Passumpsic Savings Bank

No. 2014-CV-18

Superior Court of New Hampshire, Merrimack

February 3, 2017



Richard B. McNamara, Presiding Justice.

This case arises out of a 2008 loan made to Isaacson Structural Steel, Inc. ("Isaacson") by Woodsville Savings Bank ("Woodsville"), Passumpsic Savings Bank ("Passumpsic"), and Ledyard Savings Bank ("Ledyard"). This case is set for trial on February 6, 2017. Passumpsic has filed a number of Motions in Limine.

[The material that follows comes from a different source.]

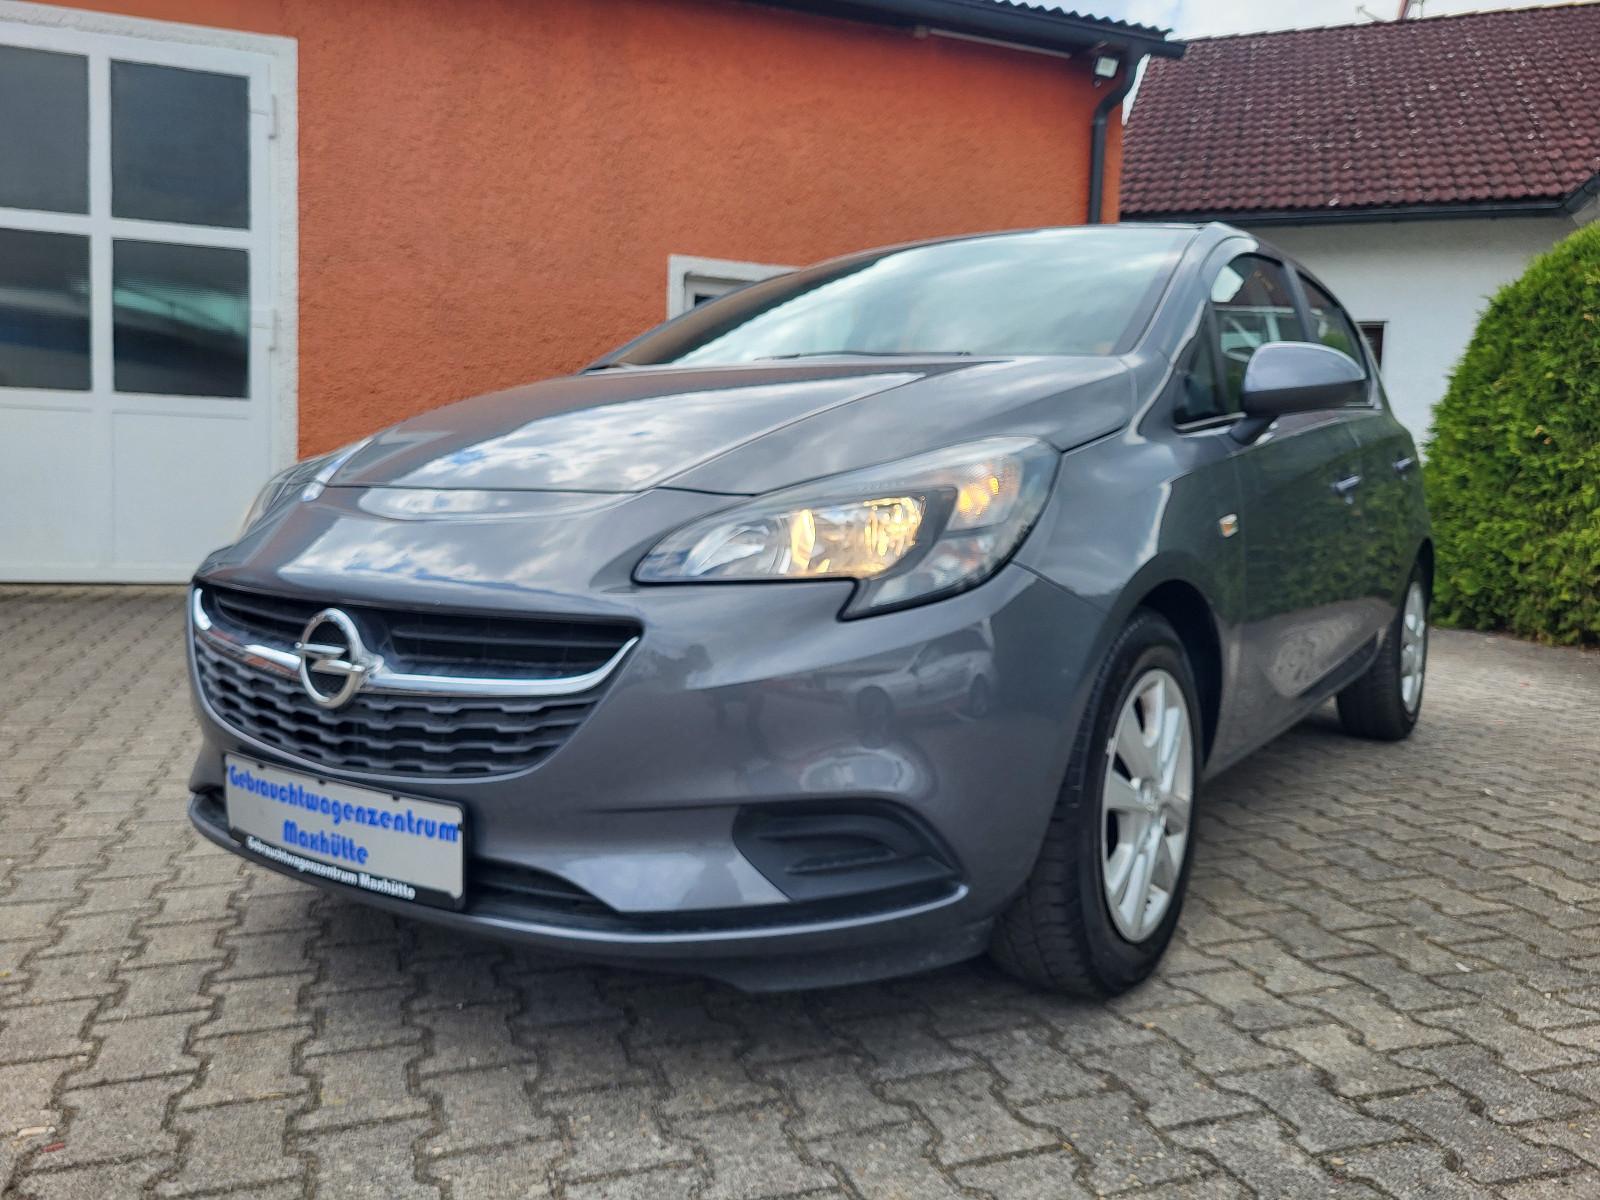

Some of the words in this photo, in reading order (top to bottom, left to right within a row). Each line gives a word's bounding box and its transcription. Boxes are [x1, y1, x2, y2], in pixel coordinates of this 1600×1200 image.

For the reasons set forth in this Order: (A) Passumpsic's Motion to Preclude Plaintiff from Soliciting Expert Testimony From Wayne Geher is DENIED; (B) Passumpsic's Motion in Limine to Preclude Woodsville from Soliciting Testimony or Offering Argument relating to Bishop Being a Certified Public Accountant ("CPA") is GRANTED; (C) Passumpsic's Motion to Preclude Woodsville from Arguing that the Passumpsic Board's Discussion About Whether to Approve the Loan Was Chilled Due to the Presence of David Driscoll is DENIED subject to reconsideration based upon the evidence introduced at trial; (D) Passumpsic's Motion in Limine to Preclude Plaintiffs' Expert Douglas Branson from Offering Opinions on Accounting Issues is DENIED; (E) Passumpsic's Motion in Limine to Preclude Evidence of Settlement Agreements Entered Into By David J. Driscoll is GRANTED; and (F) Passumpsic's Request for a Ruling That There Is No Per Se Rule that Driscoll's Actions as Isaacson's Accountant Can Be Imputed To Passumpsic Merely Because Driscoll Was Also On Passumpsic's Board of Directors is DENIED.


The following facts are taken from the parties summary judgment papers and are undisputed. Pursuant to the terms of a Loan Participation Agreement ("LPA"), Passumpsic, Woodsville, and Ledyard loaned Isaacson Structural Steel, Inc. ("Isaacson") $10 million. Passumpsic loaned $5 million, Woodsville loaned $3 million, and Ledyard loaned $2 million. Under the LPA, Passumpsic was the lead bank. Arnold Hanson and Steven Griffin, respectively the President and CFO of Isaacson, falsified Isaacson's financial data in order to obtain the loan. Isaacson subsequently defaulted on the loan. David J. Driscoll ("Driscoll"), the principal of Driscoll & Co., an accounting firm, was a member of Passumpsic's Board of Trustees and was also the outside accountant for Isaacson.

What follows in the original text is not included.